━━━━━ Dataset records

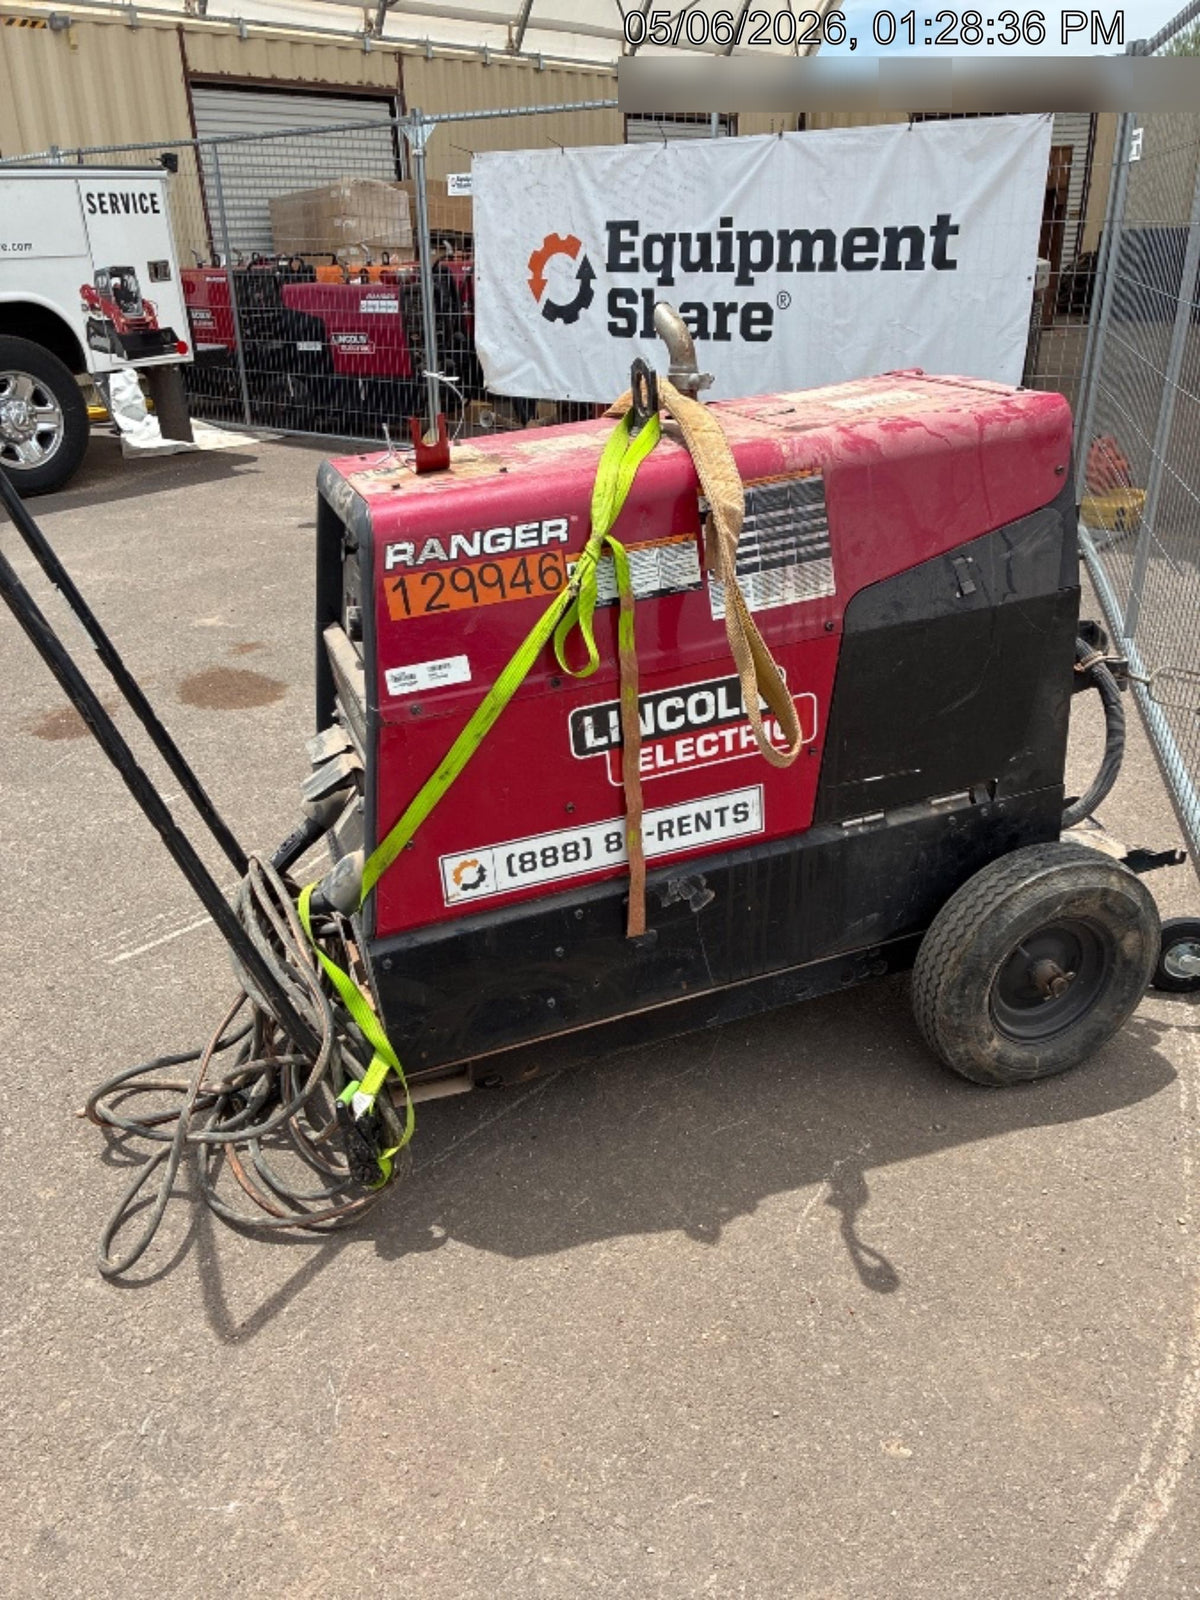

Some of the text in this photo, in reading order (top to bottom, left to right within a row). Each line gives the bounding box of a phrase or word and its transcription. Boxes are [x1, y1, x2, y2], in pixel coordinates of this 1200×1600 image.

[86, 192, 161, 214] SERVICE
[0, 242, 33, 252] e.com
[605, 213, 960, 286] Equipment
[384, 517, 570, 571] RANGER
[392, 552, 563, 616] 129946
[505, 801, 750, 877] (888) 8-RENTS
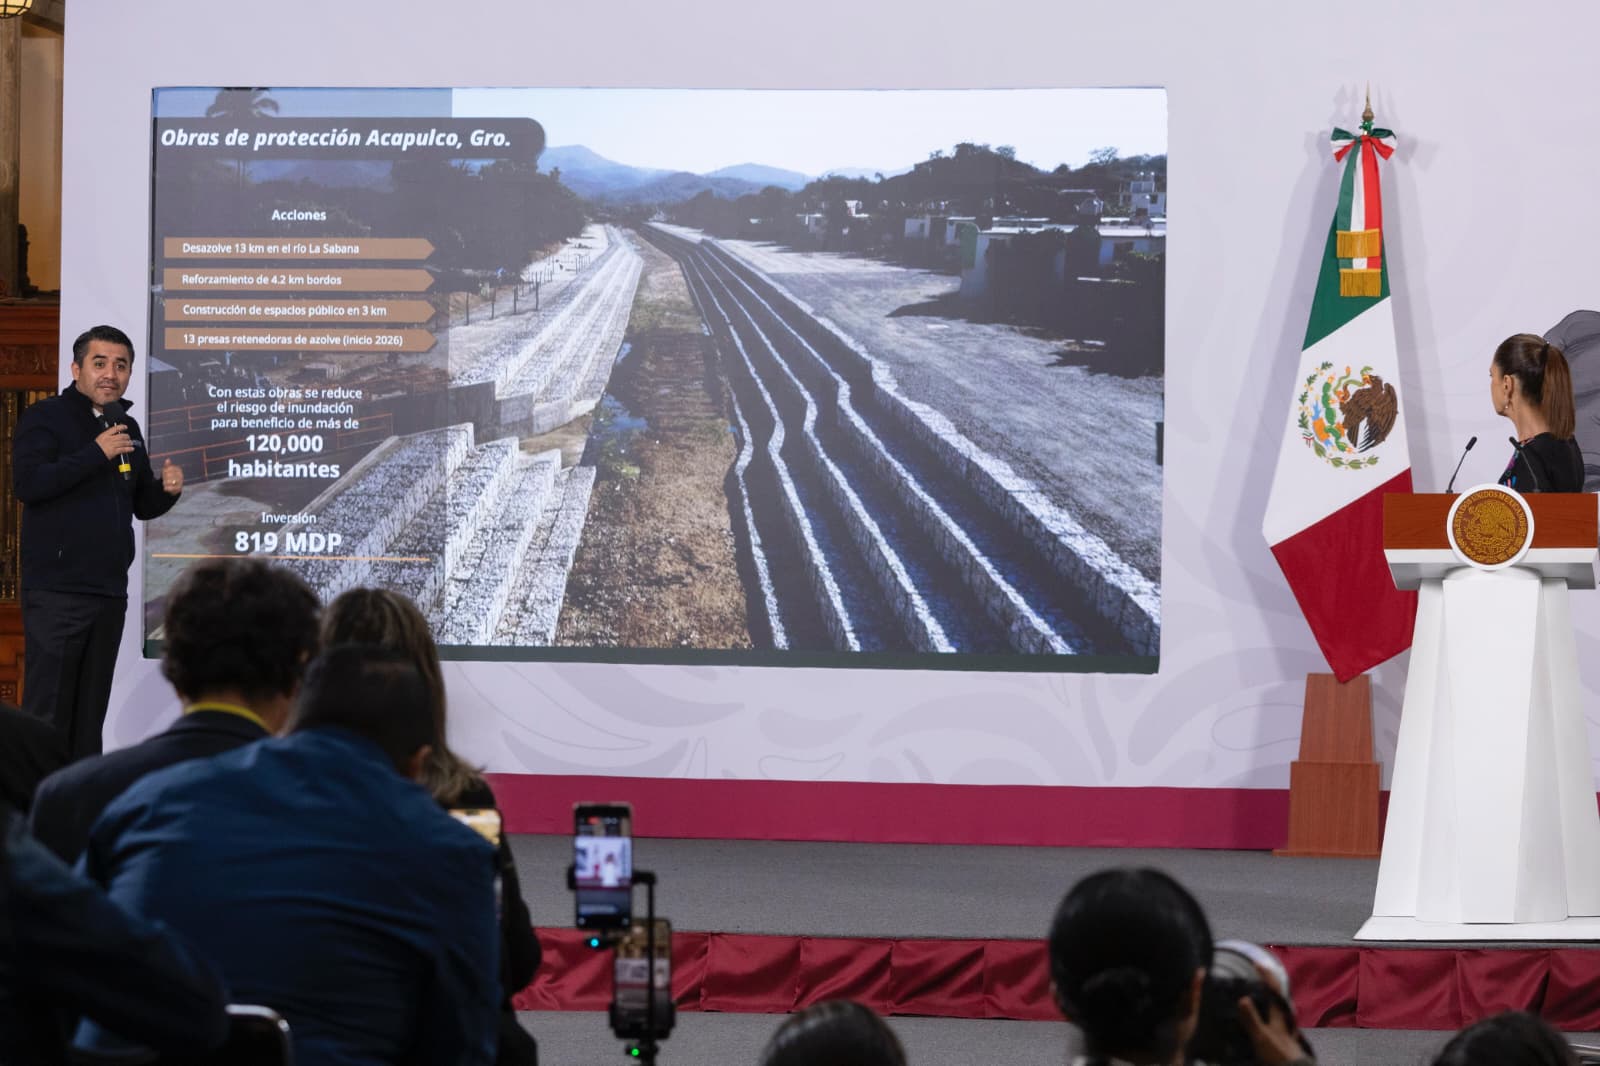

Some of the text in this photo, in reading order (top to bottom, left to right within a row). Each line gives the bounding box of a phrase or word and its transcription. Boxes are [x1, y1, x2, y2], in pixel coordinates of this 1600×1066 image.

[161, 128, 511, 151] Obras de protección Acapulco, Gro.
[271, 209, 327, 221] Acciones
[182, 243, 232, 253] Desazolve
[235, 243, 246, 253] 13
[249, 243, 264, 253] km
[282, 244, 291, 253] el
[293, 244, 306, 253] río
[309, 244, 320, 253] La
[323, 244, 359, 254] Sabana
[182, 274, 342, 285] Reforzamiento de 4.2 km bordos
[183, 304, 246, 315] Construcción
[249, 305, 261, 315] de
[264, 305, 306, 317] espacios
[308, 305, 345, 317] público
[362, 306, 369, 315] 3
[371, 306, 387, 315] km
[184, 334, 403, 347] 13 presas retenedoras de azolve (inicio 2026)
[209, 387, 362, 398] Con estas obras se reduce
[217, 402, 352, 416] el riesgo de inundación
[212, 418, 359, 430] para beneficio de más de
[246, 436, 322, 454] 120,000
[229, 460, 340, 478] habitantes
[262, 512, 316, 524] Inversión
[236, 532, 341, 552] 819 MDP

━━━━━━━━━━

- [What to produce]: Starting at the line that contains "this 1600×1066 image.", quote each remaining line of the entries above, unchanged.

- [Solution]:
Some of the text in this photo, in reading order (top to bottom, left to right within a row). Each line gives the bounding box of a phrase or word and its transcription. Boxes are [x1, y1, x2, y2], in pixel coordinates of this 1600×1066 image.

[161, 128, 511, 151] Obras de protección Acapulco, Gro.
[271, 209, 327, 221] Acciones
[182, 243, 232, 253] Desazolve
[235, 243, 246, 253] 13
[249, 243, 264, 253] km
[282, 244, 291, 253] el
[293, 244, 306, 253] río
[309, 244, 320, 253] La
[323, 244, 359, 254] Sabana
[182, 274, 342, 285] Reforzamiento de 4.2 km bordos
[183, 304, 246, 315] Construcción
[249, 305, 261, 315] de
[264, 305, 306, 317] espacios
[308, 305, 345, 317] público
[362, 306, 369, 315] 3
[371, 306, 387, 315] km
[184, 334, 403, 347] 13 presas retenedoras de azolve (inicio 2026)
[209, 387, 362, 398] Con estas obras se reduce
[217, 402, 352, 416] el riesgo de inundación
[212, 418, 359, 430] para beneficio de más de
[246, 436, 322, 454] 120,000
[229, 460, 340, 478] habitantes
[262, 512, 316, 524] Inversión
[236, 532, 341, 552] 819 MDP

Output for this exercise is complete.